Ejemplo A: PNG transparente
Prueba con un PNG que tenga un objeto sobre fondo transparente, por ejemplo un icono con sombra suave. Anota dimensiones y tamaño antes de subirlo. Exporta una copia PNG: debe conservar anchura, altura y transparencia si no cambias tamaño. Después prueba WebP y coloca ambos resultados sobre un fondo oscuro y otro claro; así se detectan halos, cuadros opacos o bordes incorrectos que una vista blanca oculta. No uses JPEG para esa imagen si necesitas transparencia. Si debes crear JPEG, elige deliberadamente el fondo y confirma que forma parte del diseño, porque ya no habrá alfa.
Ejemplo B: fotografía
Para una fotografía usa una copia con degradados, detalle fino y zonas oscuras, no una imagen ya muy comprimida. Convierte a JPEG o WebP con calidad intermedia y compara al 100 %, no solo en miniatura. Revisa piel, texto pequeño, hojas, líneas rectas y cielos: ahí aparecen bloques, contornos o pérdida de detalle. Comprueba dimensiones y abre la salida en otro visor. Anota bytes de original y salida. Una reducción útil conserva calidad aceptable para la pantalla, distancia y propósito reales; no es una cifra aislada.
Comprobar la salida
Antes de publicar verifica cinco cosas. Primero, anchura y altura: respeta proporción salvo que recortes a propósito. Segundo, alfa: coloca PNG o WebP transparentes sobre fondos contrastados. Tercero, color: compara con el original en una pantalla razonablemente calibrada y busca cambios de tono o saturación. Cuarto, calidad visual: amplía detalles y mira el resultado al tamaño de uso. Quinto, peso: compara bytes, pero no aceptes una salida pequeña que degrade texto o logotipos. Repite con otra calidad o formato si falla una comprobación.
Pérdidas y metadatos
JPEG y muchas configuraciones WebP tienen compresión con pérdida. Cada exportación vuelve a codificar píxeles; abrir un JPEG, guardarlo como JPEG y repetirlo acumula artefactos aunque la calidad sea alta. Trabaja desde el original y genera variantes finales una sola vez. La conversión con canvas puede no conservar orientación EXIF, fecha, GPS, perfil de color o copyright. No supongas que convierte elimina datos sensibles ni que los preserva: inspecciona la salida con un visor de metadatos cuando importe. La guía EXIF ayuda a revisar y confirmar la eliminación.
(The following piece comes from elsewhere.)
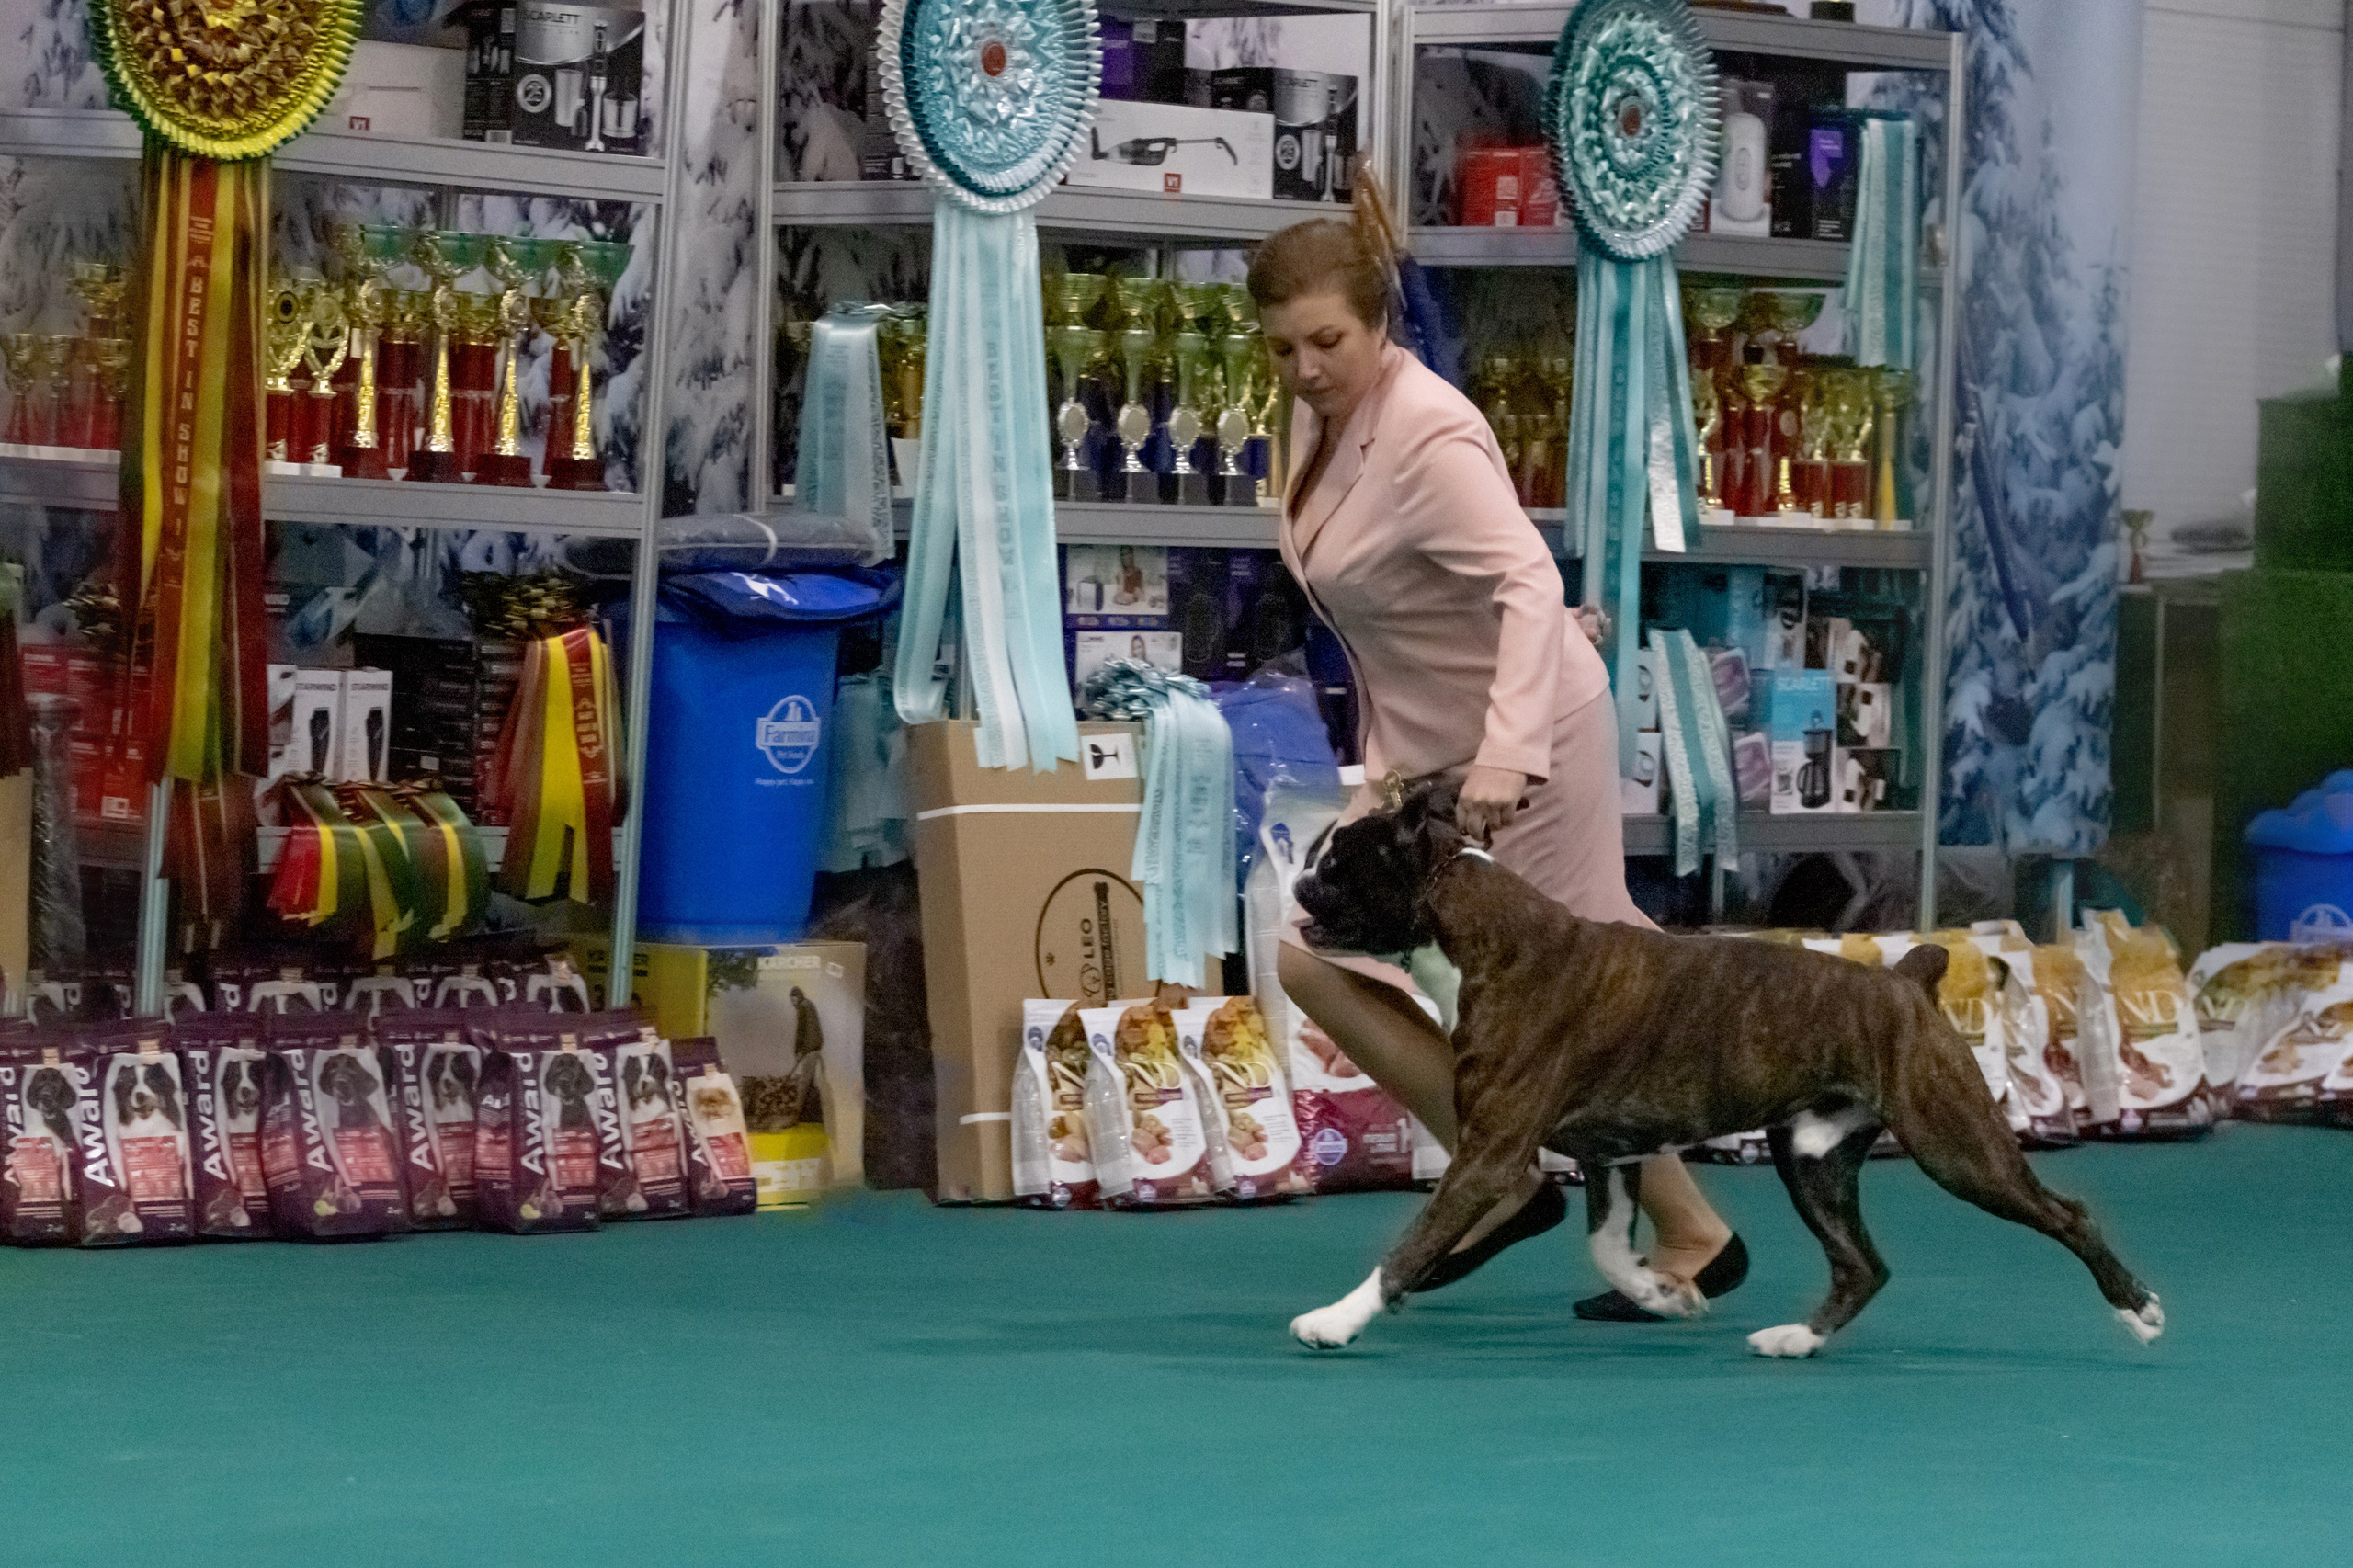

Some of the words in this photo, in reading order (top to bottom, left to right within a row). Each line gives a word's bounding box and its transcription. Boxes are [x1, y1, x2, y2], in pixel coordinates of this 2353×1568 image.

Límites del navegador y formatos
El procesamiento ocurre en el navegador; durante la conversión pueden coexistir el original, píxeles decodificados, canvas y salida. Una foto grande puede requerir mucha más memoria que su tamaño en disco; móviles o equipos con poca RAM pueden ralentizarse o cerrar la pestaña. Prueba una copia y reduce dimensiones antes de lotes grandes. Se admiten JPG, PNG y WebP; HEIC, TIFF, SVG animado, RAW o archivos con capas pueden necesitar software especializado. Consulta las guías de optimización web de imágenes y de metadatos EXIF para decidir qué verificar después.
Decisión y trazabilidad
Guarda junto a cada variante el original, formato de salida, dimensiones, calidad elegida y tamaño final. Esa nota permite repetir la conversión si una página cambia de diseño o si otra persona detecta un problema. No confundas la vista previa con una verificación completa: descarga y abre el archivo final. Cuando una imagen tenga valor legal, editorial o comercial, conserva también una copia intacta y revisa el perfil de color en el programa que usará el destinatario. Convertir facilita la entrega, pero no sustituye un flujo de archivo ni una revisión visual responsable.